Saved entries

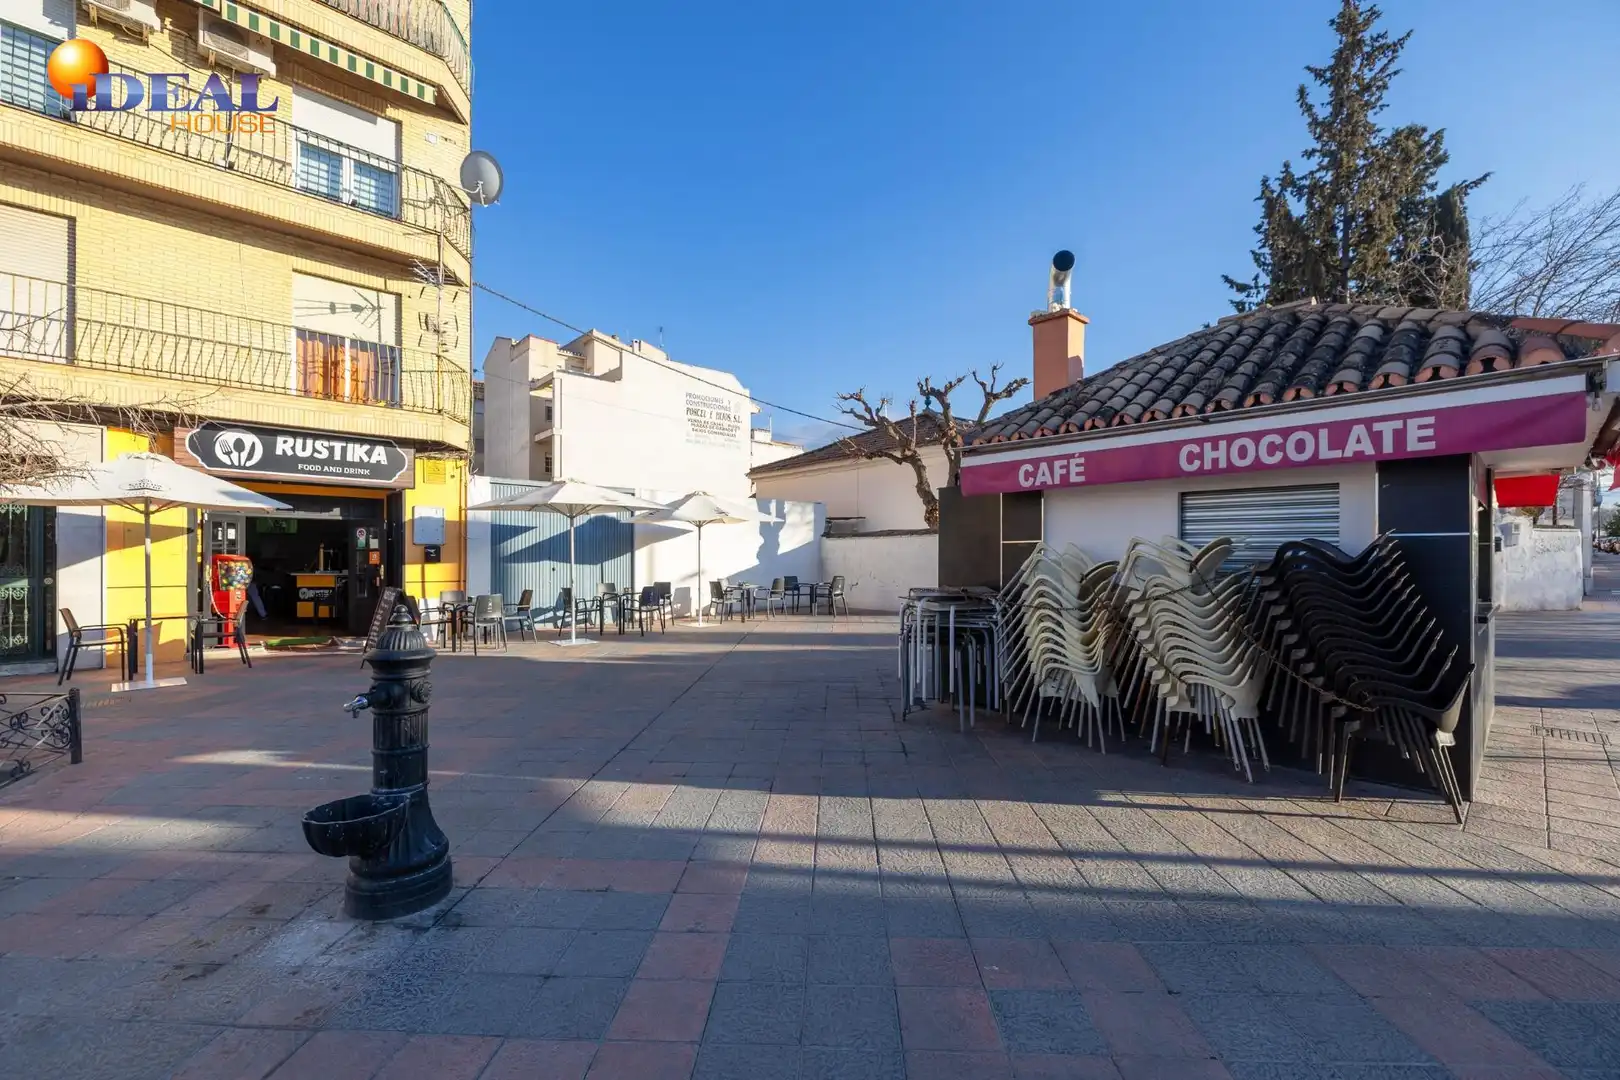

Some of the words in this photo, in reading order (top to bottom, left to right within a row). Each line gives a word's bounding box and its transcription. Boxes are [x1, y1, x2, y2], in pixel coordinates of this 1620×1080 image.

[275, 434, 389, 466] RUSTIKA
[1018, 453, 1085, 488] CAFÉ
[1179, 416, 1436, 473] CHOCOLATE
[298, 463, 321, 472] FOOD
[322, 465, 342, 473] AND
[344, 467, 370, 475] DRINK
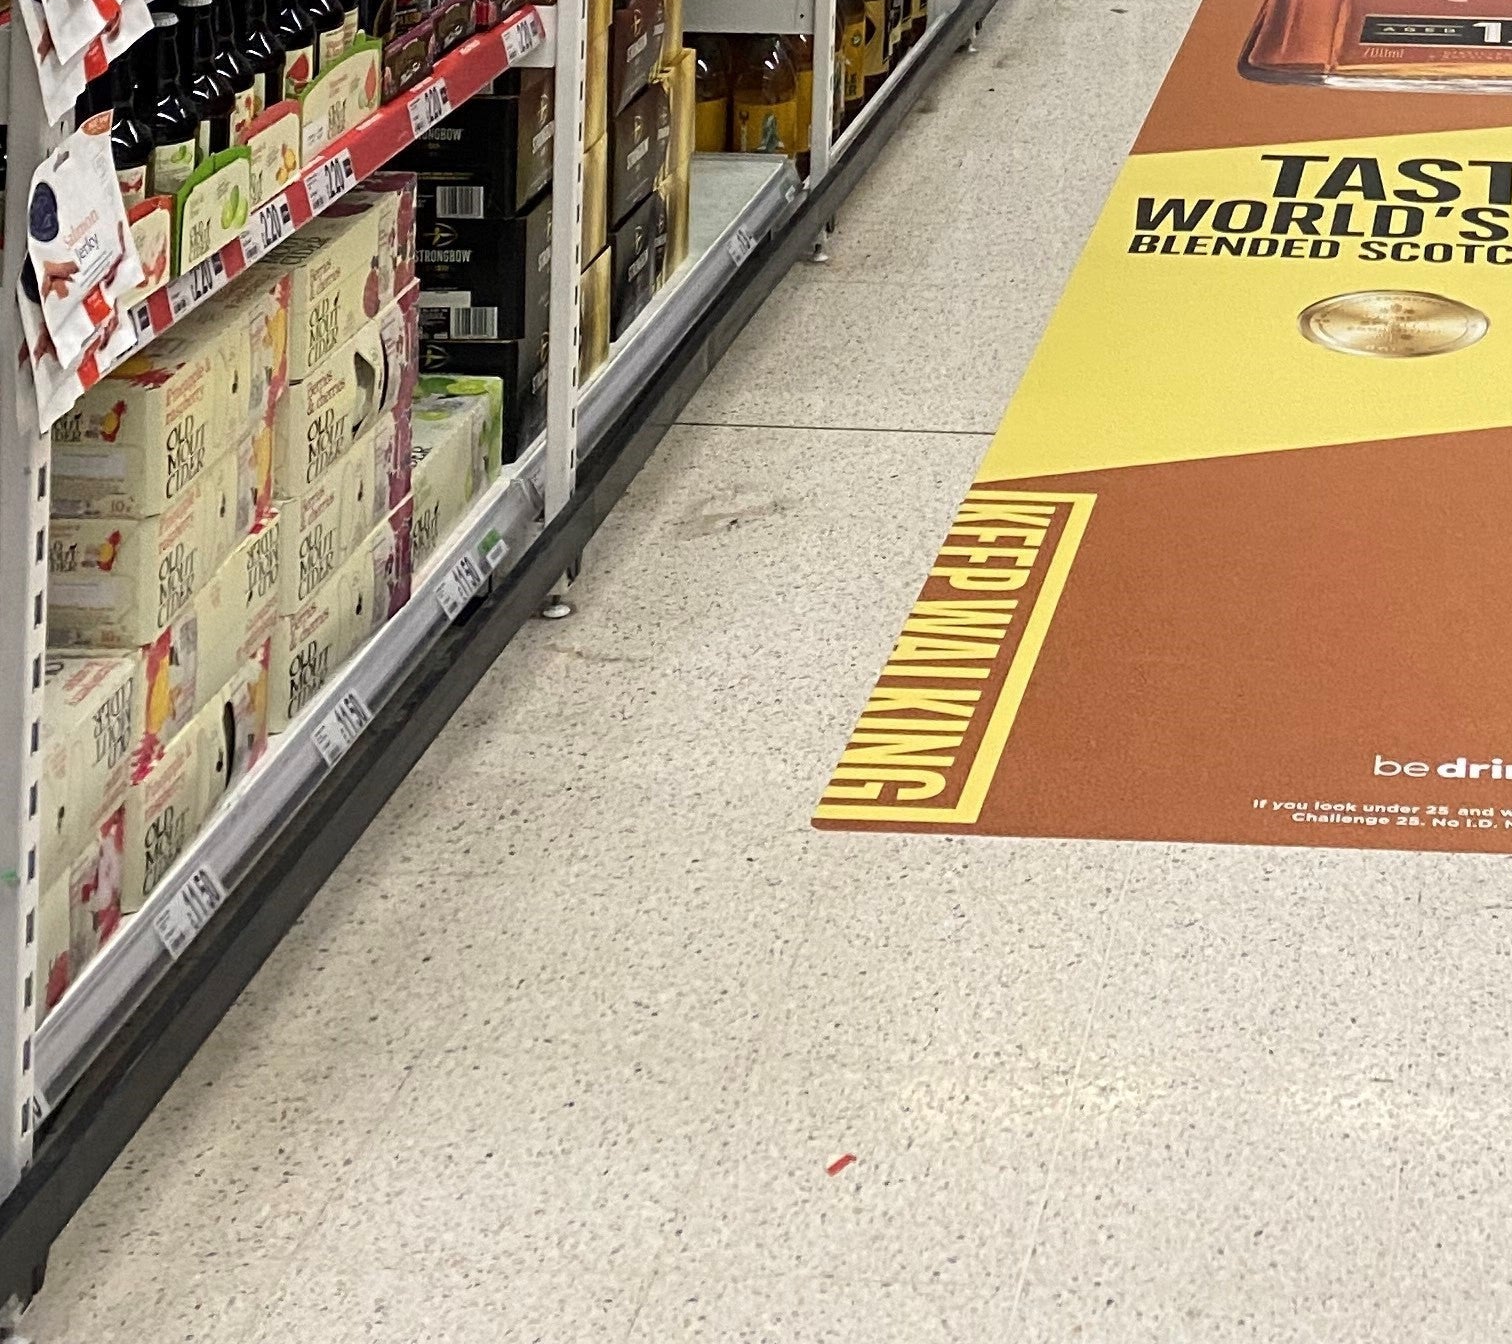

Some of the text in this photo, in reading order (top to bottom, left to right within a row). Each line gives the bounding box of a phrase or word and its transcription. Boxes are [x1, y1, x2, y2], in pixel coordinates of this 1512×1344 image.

▶ THE TASK
Write the records out exactly once more, leaving off the pictures.

▶ WRITTEN SOLUTION
Some of the words in this photo, in reading order (top to bottom, left to right within a row). Each line gives a word's bounding box and its transcription. Boxes are [x1, y1, x2, y2], in pixel coordinates of this 1620×1080 image.

[275, 434, 389, 466] RUSTIKA
[1018, 453, 1085, 488] CAFÉ
[1179, 416, 1436, 473] CHOCOLATE
[298, 463, 321, 472] FOOD
[322, 465, 342, 473] AND
[344, 467, 370, 475] DRINK

Some of the text in this photo, in reading order (top to bottom, left to right within a row). Each line gives the bounding box of a phrase or word and its transcription. Boxes are [x1, y1, x2, y2], in pixel coordinates of this 1512×1344 image.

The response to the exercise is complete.